ABSTRACT: This paper focuses on the application of the concept of Integrated Water Resources Management (IWRM) in Tanzania. It asks: how did IWRM affect the rural and fast-growing majority of smallholder farmersʼ access to water which contributes directly to poverty alleviation and employment creation in a country where poverty and joblessness are high? Around 1990, there were both a strong government-led infrastructure development agenda and IWRM ingredients in place, including cost-recovery of state services aligning with the Structural Adjustment Programmes, water management according to basin boundaries and the dormant colonial water rights (permits) system. After the 1990s, the World Bank and other donors promoted IWRM with a strong focus on hydroelectric power development, River Basin Water Boards, transformation of the water right system into a taxation tool, and assessment of environmental flows.
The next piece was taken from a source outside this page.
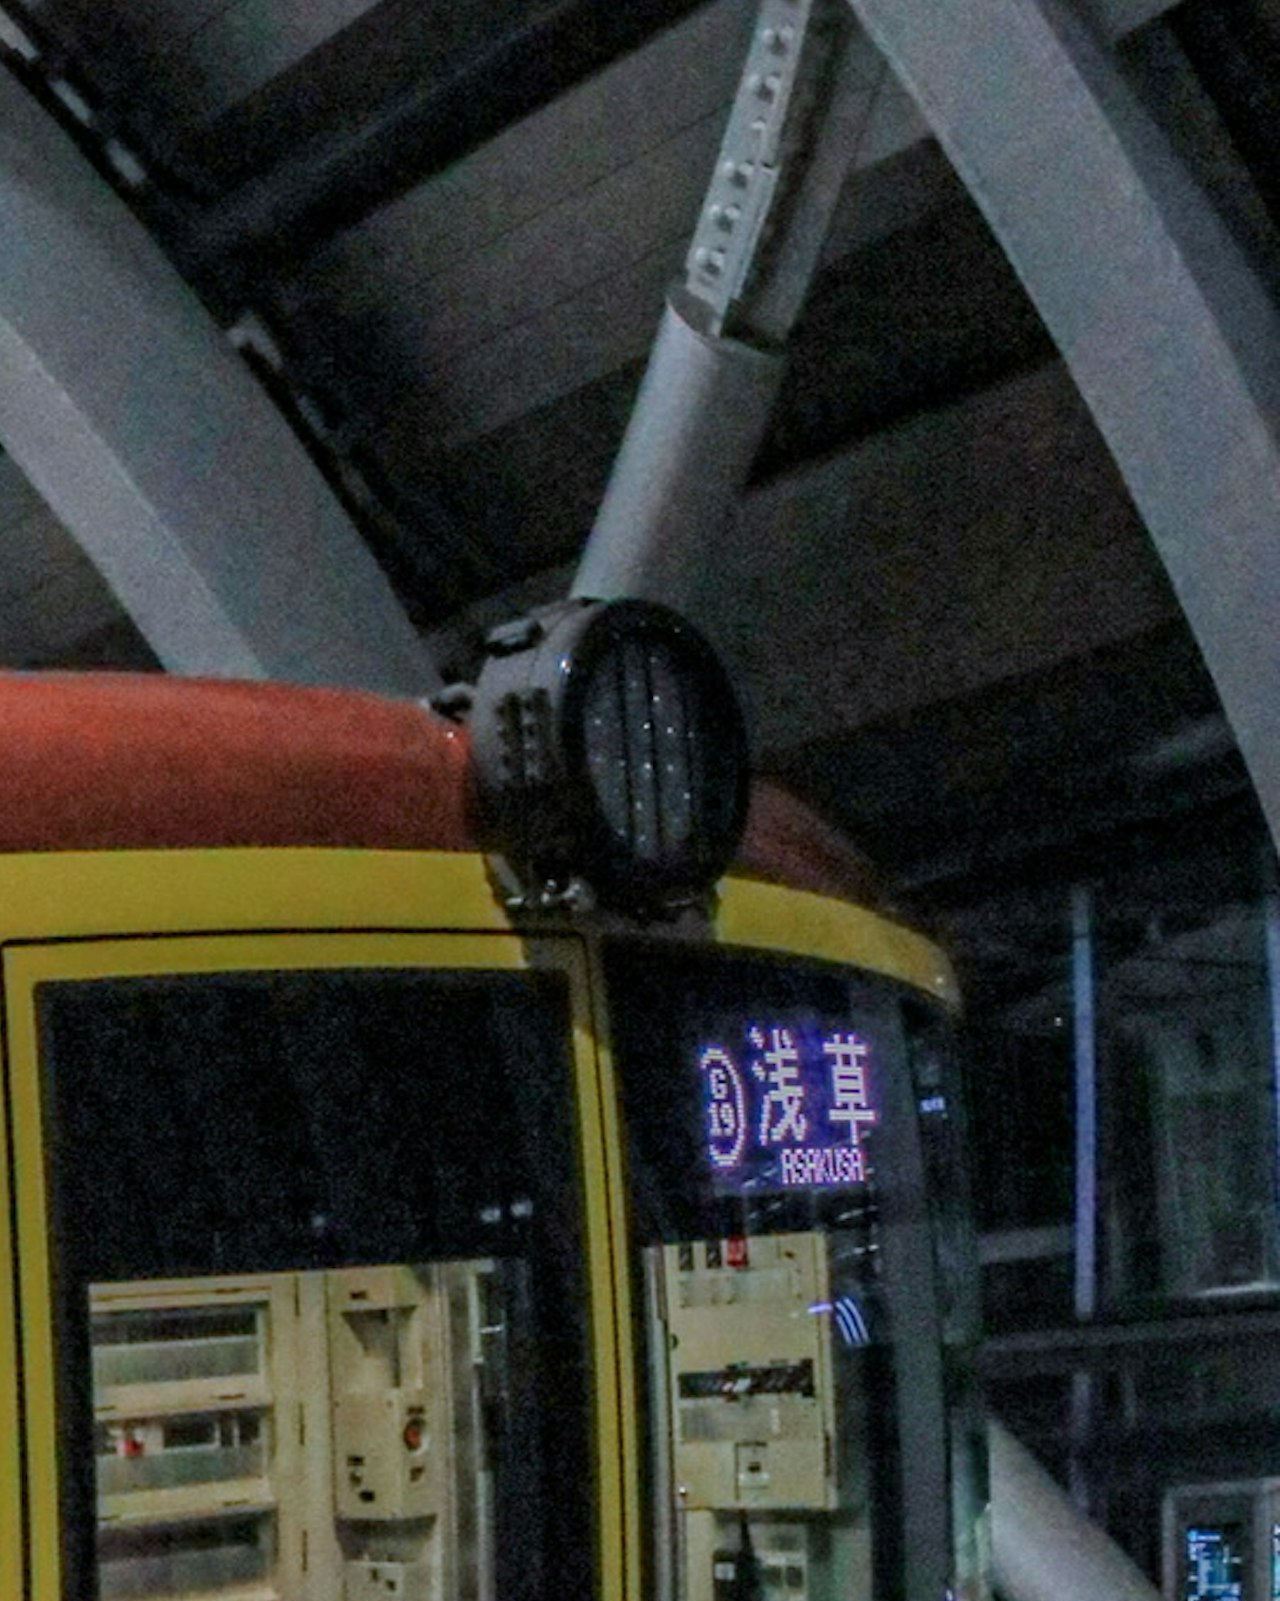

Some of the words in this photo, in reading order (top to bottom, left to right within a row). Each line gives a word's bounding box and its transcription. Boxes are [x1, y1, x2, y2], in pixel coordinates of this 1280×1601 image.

[709, 1068, 728, 1100] G
[750, 1026, 876, 1145] 浅草
[709, 1102, 735, 1137] 19
[781, 1148, 865, 1185] ASAKUSA
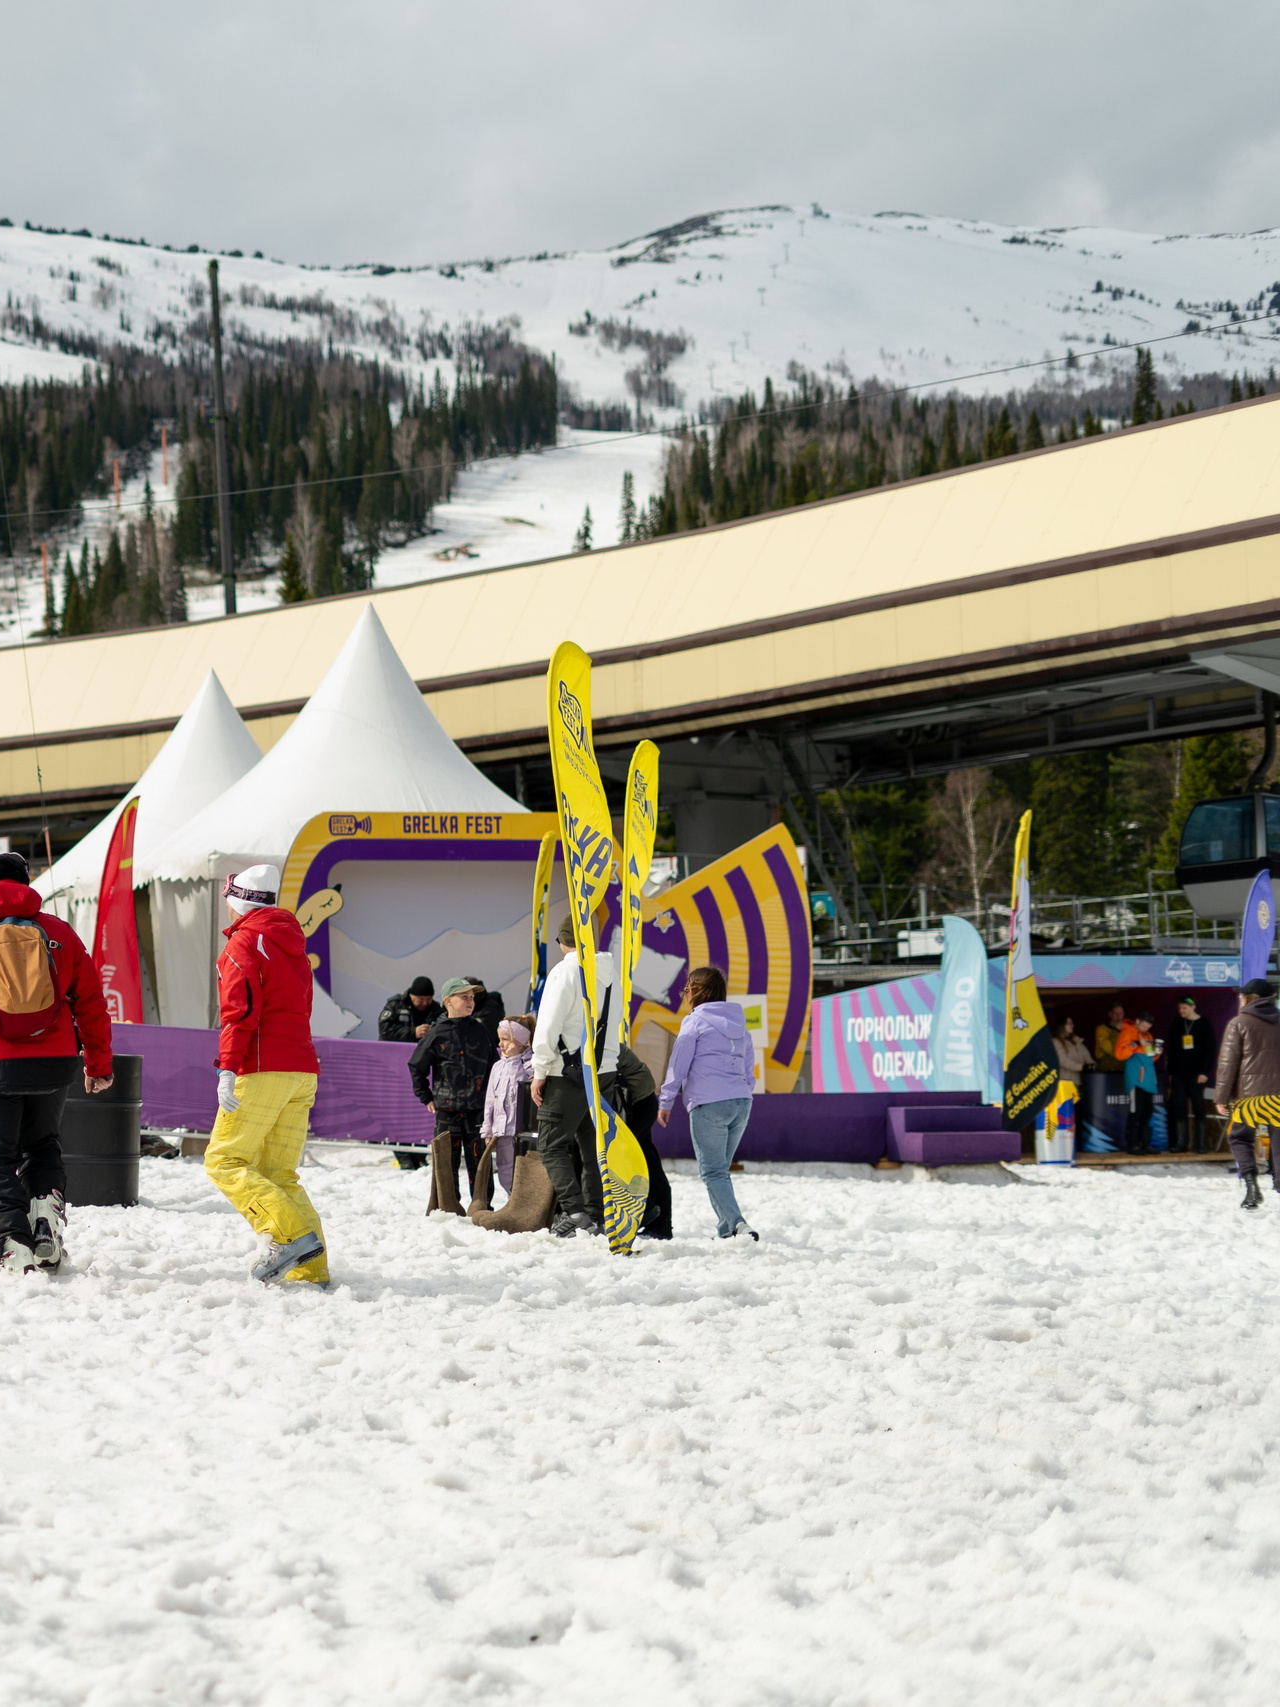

These practices became formalised in the National Water Policy (2002) and in the Water Resources Management Act (2009). Activities in the name of IWRM came to be closely associated with the post-2008 surge in large-scale land and water deals. Analysing 25 years of IWRM, the paper identifies the processes and identities of the losers (smallholders and – at least partially – the government) and the winners (large-scale water users, including recent investors). We conclude that, overall, IWRM harmed smallholdersʼ access to water and rendered them more vulnerable to poverty and unemployment.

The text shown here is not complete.